Rethinking What We Grow

One strategy moving forward is to improve the crops currently in the Australian system. Traditional breeding remains a powerful tool and has delivered steady yield improvements over an extended period2. However, natural genetic diversity within species remains an underutilised resource to introduce new traits into breeding programs; the advent of cost-efficient genome sequencing is allowing researchers to uncover the genes underlying these traits. Breeding is also being supercharged by new technologies like gene editing and synthetic biology. Mutational breeding — using radiation or chemicals to induce genetic variation — has also delivered important gains, particularly in crops like barley and chickpeas. Researchers have recently developed smart techniques to quickly induce mutations and detect specific changes in the DNA, allowing new genetic stocks to be rapidly identified with traits such as altered architecture or non-GM herbicide tolerance3. Grower levy bodies such as the GRDC are paying close attention to these technologies4,5 as a way of supporting breeders and growers. Some of these methods are often overlooked in public discussions, but they remain a valuable part of the innovation toolkit.

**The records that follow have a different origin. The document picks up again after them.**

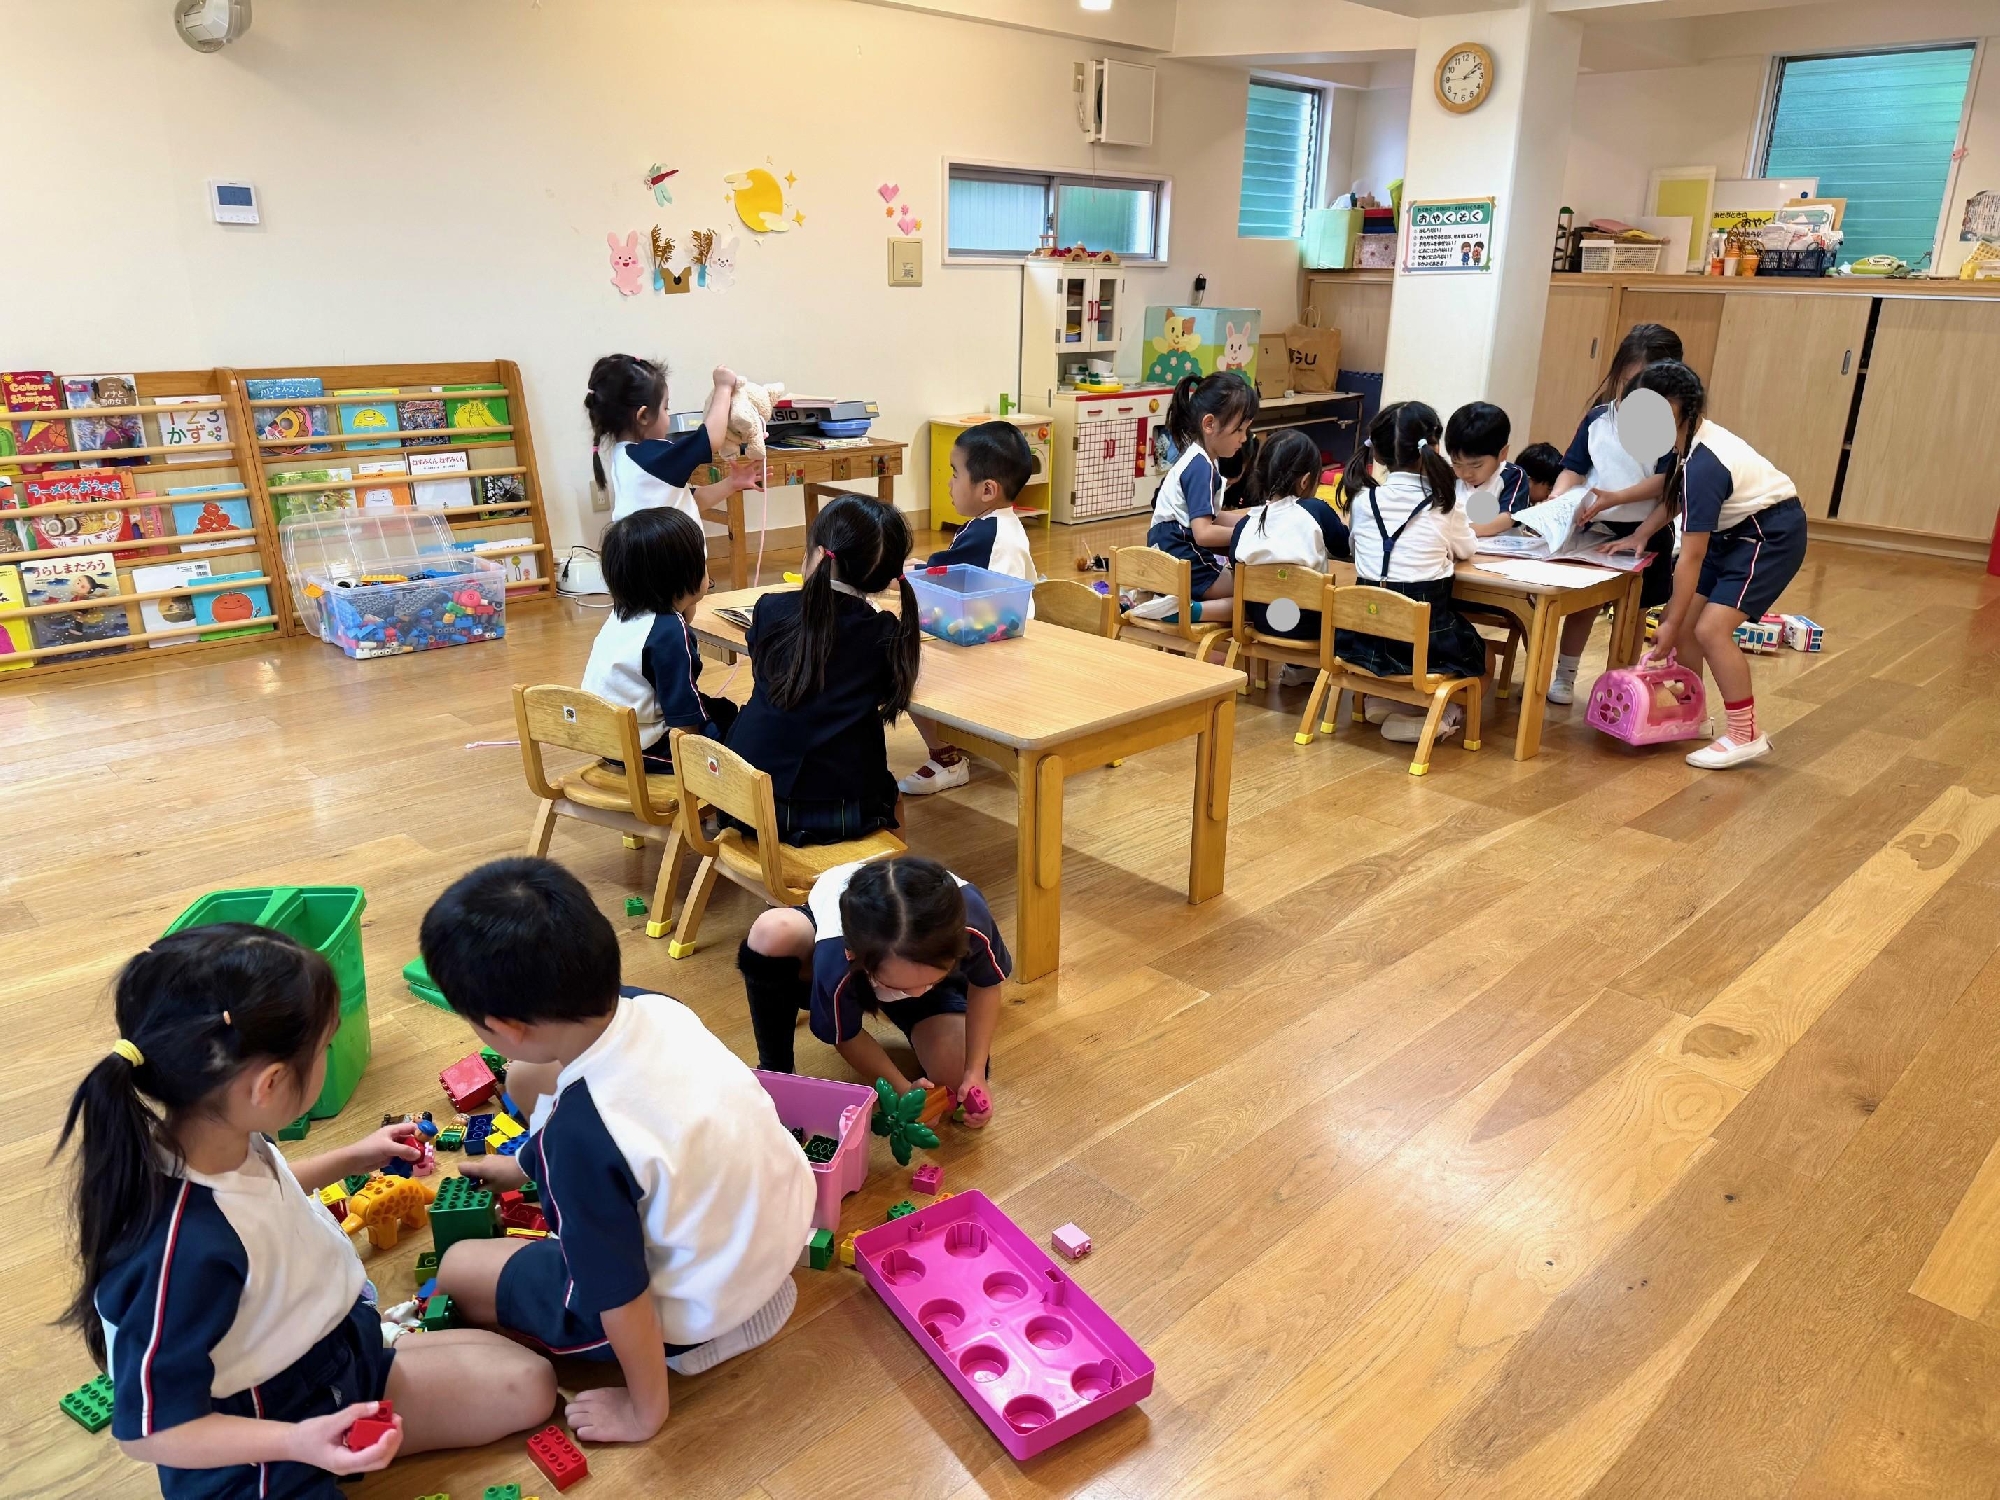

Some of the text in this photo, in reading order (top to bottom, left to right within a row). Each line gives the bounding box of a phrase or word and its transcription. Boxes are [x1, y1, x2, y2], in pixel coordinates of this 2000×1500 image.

[1477, 62, 1482, 70] 2
[1418, 211, 1480, 224] おやくそく
[1741, 214, 1776, 228] おやく
[1289, 348, 1317, 365] GU
[9, 382, 51, 392] Colors
[11, 394, 56, 405] Shapes
[206, 409, 220, 422] 3
[771, 410, 799, 422] SIO
[167, 425, 206, 445] かず
[28, 480, 122, 497] ラーメンのおうさま
[33, 560, 107, 578] うらしまたろう

I recently attended conferences on seed biology in the USA and France. It appears likely that apomixis (clonal seeds) and hybrid vigour (heterosis), which offer significant yield improvements6, have a real future in cereal breeding programs7. It’s been almost 30 years since I first read about the promise of fixing heterosis in cereal crops. Even with funding from generous benefactors such as the Gates Foundation, it’s taken a long time to get to this point. Is our research innovation ecosystem really set up to deliver new disruptive technologies on a national level? Who will take on the risk of testing these technologies and determining whether they stack up in the Australian environment? 

Innovation Needs Support

Of course, developing and applying new technologies for new crops isn’t just a matter of science — it’s also about systems. Innovation requires investment, infrastructure, and a regulatory environment that supports timely translation from lab to paddock. 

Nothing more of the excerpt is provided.